In the lull as people obeyed their newfound leader, the telltale hissing noise she’d heard in the doctor’s office filtered through.
She knew precisely who’d had direct contact with the creatures—they were the ones whose eyes looked as big as hers felt. Despite the chill, she wiped sweat from her brow and triple checked the charge on her gun.
Something slammed against the door. Vin went toward the noise while others shrieked and backed away. He didn’t turn at her approach, though he called her out by name. “If I ask you to get a safer distance back...”
“Shut up.”
“You like saying that, don’t you?” Both of his hands were pressed against the splintering wooden door, but he turned to throw her a wink. “It’s the follow-up that matters.”
Another thud against the door and he was all business again, shouting a mixture of orders with accolades, giving them all much needed wisps of bravery because of it.
To her left, a small glass window cracked and two furry digits snaked in.

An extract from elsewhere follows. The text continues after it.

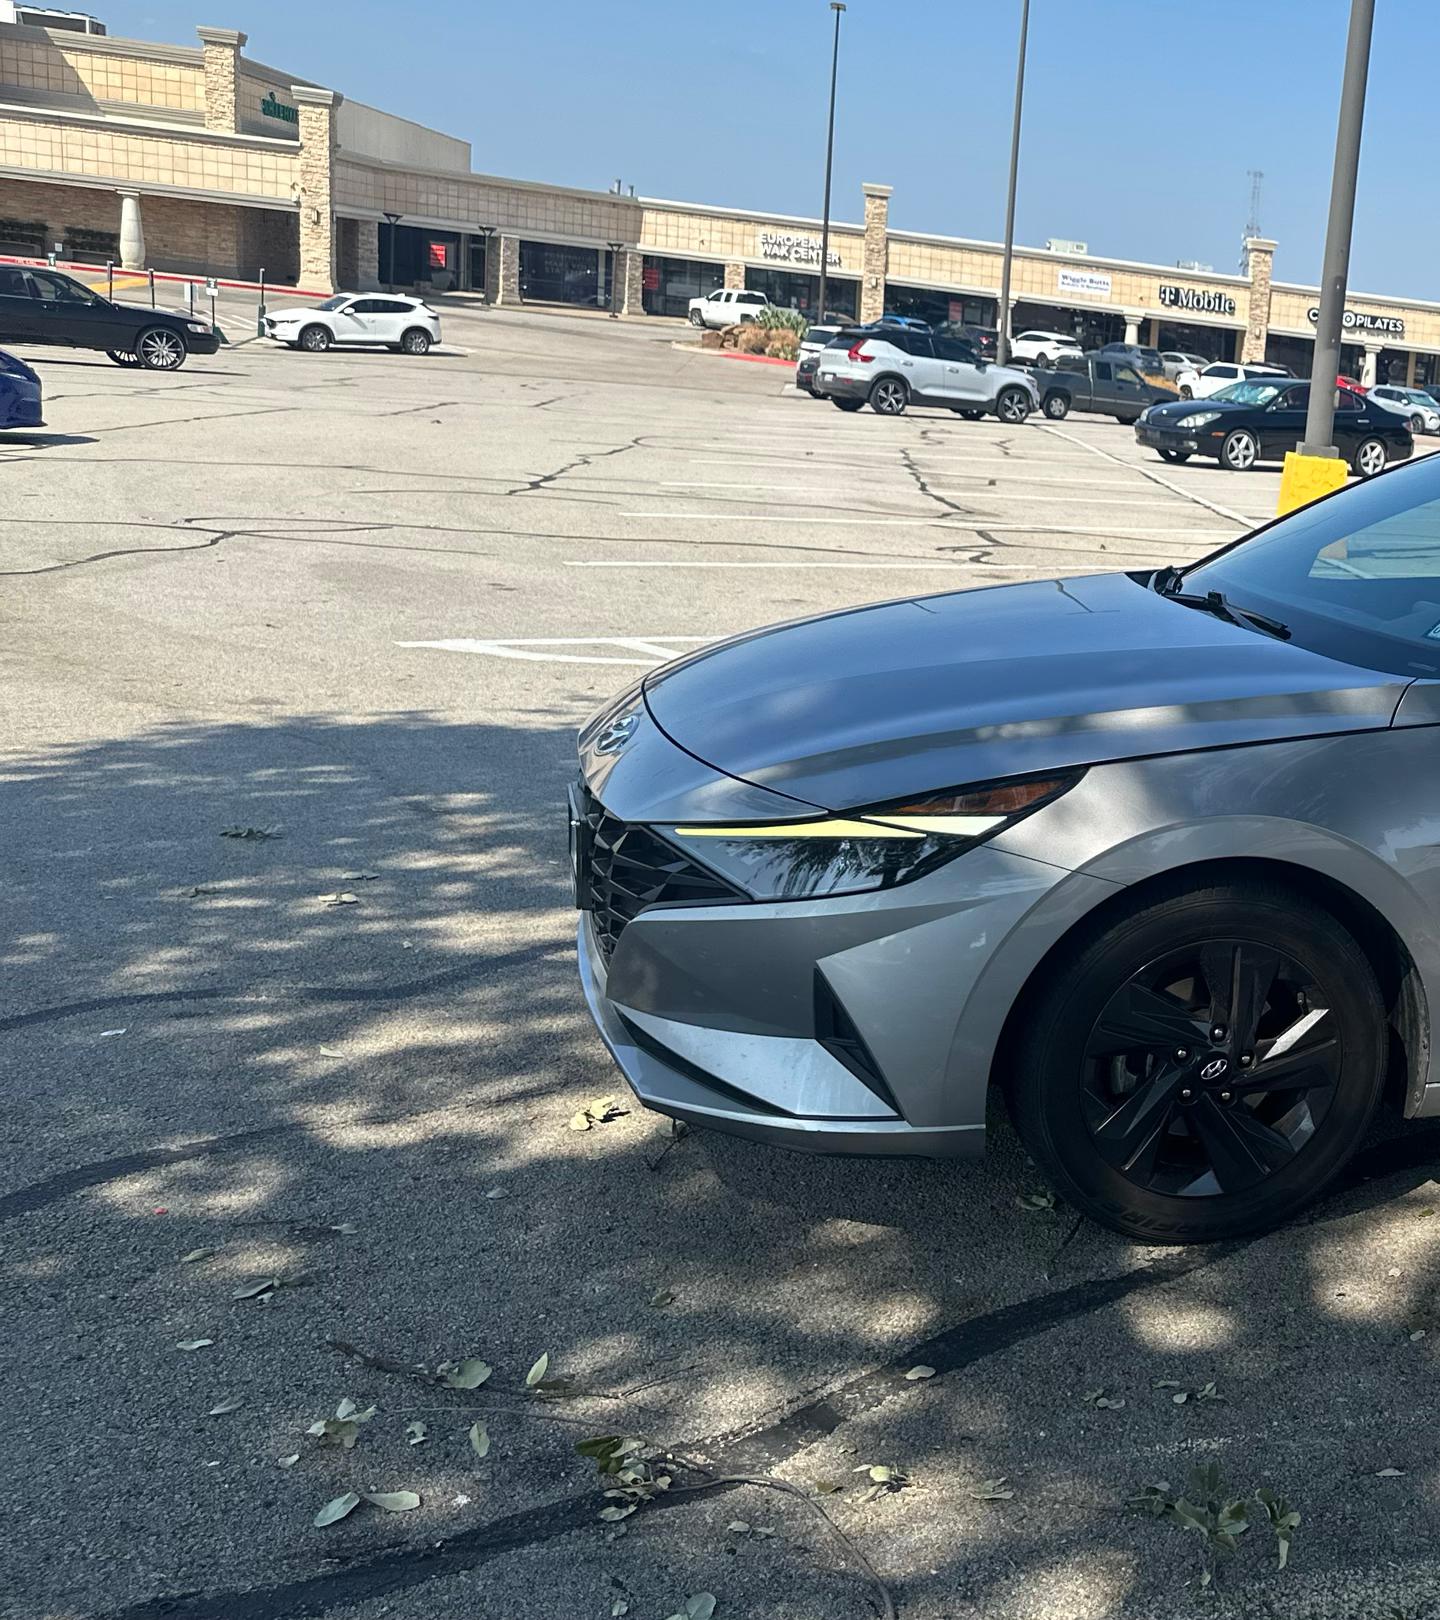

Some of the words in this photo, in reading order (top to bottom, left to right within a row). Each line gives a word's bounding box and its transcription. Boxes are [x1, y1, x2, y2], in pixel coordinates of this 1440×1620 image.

[761, 233, 824, 249] EUROPEAN
[791, 246, 840, 263] CENTER
[1355, 314, 1404, 332] PILATES

“Hack it off,” someone shouted, and those nearest to it started poking and slamming any and everything they could into the creature’s legs.

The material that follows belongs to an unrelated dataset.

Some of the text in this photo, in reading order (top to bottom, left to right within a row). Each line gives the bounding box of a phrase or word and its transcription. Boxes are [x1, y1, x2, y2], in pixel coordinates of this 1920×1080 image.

They had the best of it. The thing screeched and pulled away, but another beast entered from the other side of the window.
While they worked, a third creature pulled a lady in green across the broken glass. Her body shred before their eyes as man and monster pulled at her from opposite ends. Her screams cut off with a yelp as her body morphed, swelling and turning a sickly shade of purple.
“Venom!”
Who said it she didn’t know, but it was enough to make the people holding onto her legs let go. She was dead before her feet crossed the windowpane.

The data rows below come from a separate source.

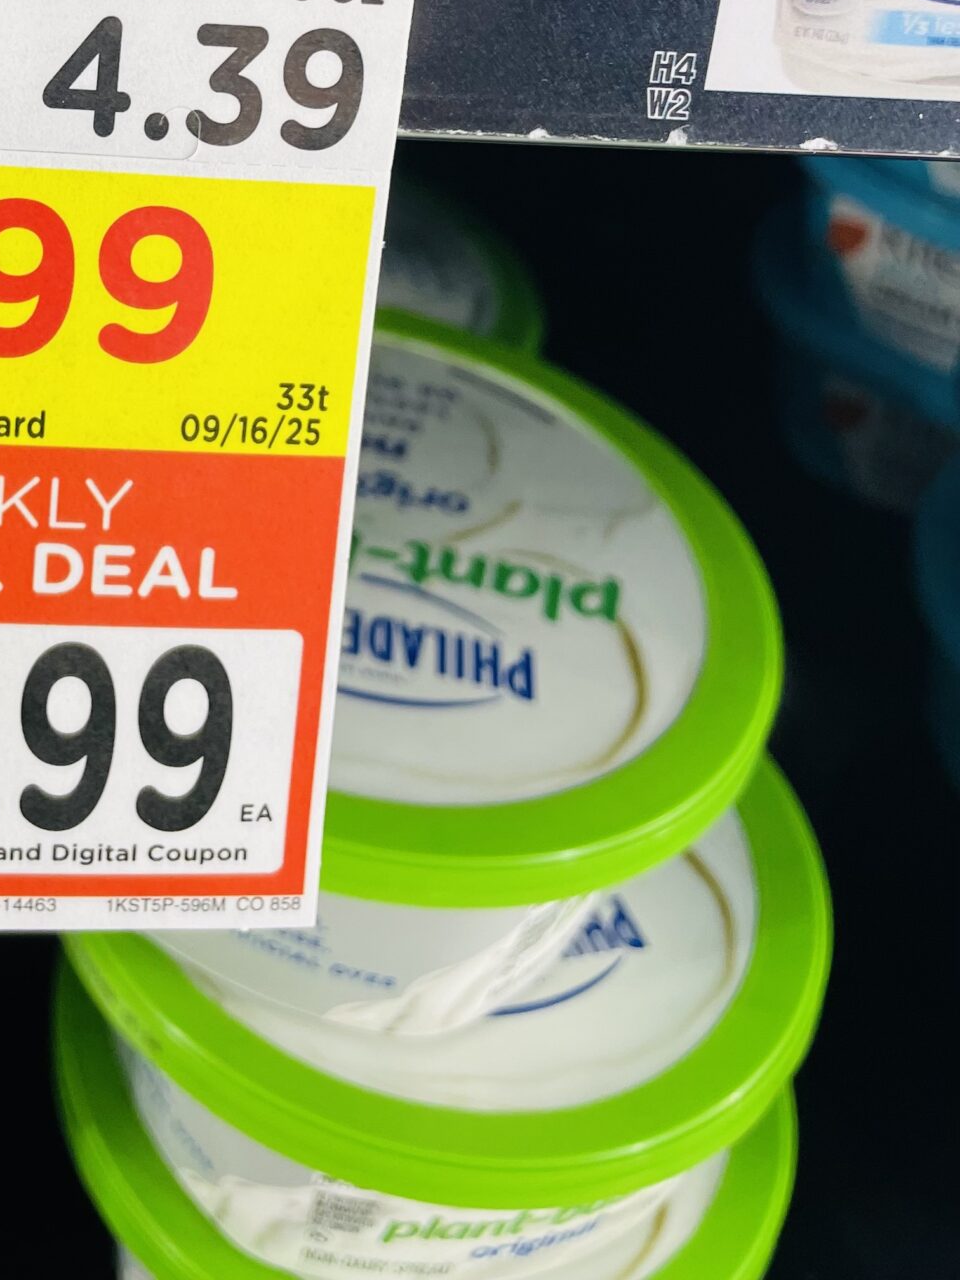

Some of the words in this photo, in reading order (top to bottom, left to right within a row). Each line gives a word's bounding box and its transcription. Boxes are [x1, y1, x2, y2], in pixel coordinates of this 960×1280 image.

[42, 15, 365, 151] 4.39
[649, 51, 697, 85] H4
[647, 87, 691, 121] W2
[276, 382, 330, 412] 33t
[180, 413, 321, 449] 09/16/25
[32, 542, 239, 600] DEAL
[240, 803, 273, 823] EA
[52, 843, 137, 866] Digital
[148, 843, 248, 866] Coupon
[236, 897, 264, 911] CO
[270, 896, 302, 911] 858

Allie swallowed thick bile but forced herself to keep looking. There needed to be a proper accounting of things. Every death would be another notch against Graham’s freedom. By God, she meant to take it from him.
Vin called out a new holding pattern. “Tans, drop your pride. I need my big boys here on this
and that other door. Ones with heft. Smaller guys, take that window. Shoot with all you’ve got.”
From above, someone scrambled halfway down the steps. “We need help up here.”
And of course, Vin ran to give it.
As the night crept on, two of the things entered that broken window—never fully. One they repelled outright. The last, however, claimed another victim. Mandibles spread, it reached in and, before anyone could grasp what was about to happen, hooked itself in the pliable skin of one of the Tans and scurried away with its meal.
And on and on it went.
Things quieted as the promise of a new morning broke through the pain of the previous night. When all the scurrying stopped, the tired and worn warriors collapsed. Chests and backs heaving, they rested against whatever wall or table was close enough to hold them up.
She squatted on a step, desperate for a moment to relax, but her eyes snapped wide open at Vin’s thunderous shout.
“Get up. Everyone up! You’ll rest tomorrow. Hell, you’ll rest tonight. But for now, you run and you don’t stop.”
The weary were instantly rejuvenated and the tired and injured carried as they ran towards the woods and the shuttle that waited impossibly far away. For as much as they had done to survive the night, a new threat came with the dawn.
“Get on my back.”
She took a swig from the bottle in his hand and wiped her mouth. “I can manage, Vin.”
“We don’t have time for this,” and that was the last he spoke before hurling her up and taking the lead. She could either fight him and slow them all down or hold tight while he fulfilled his promise to get her home.
Their advantage, if they still had it, was that no one back at the compound was sure of where they’d landed their shuttle.
Perhaps.
And if, perhaps, their luck held on, they needed as much distance between themselves and the town.
So they ran.
All of them. Allie called out directions as best she remembered, using the last of the stars to orientate herself.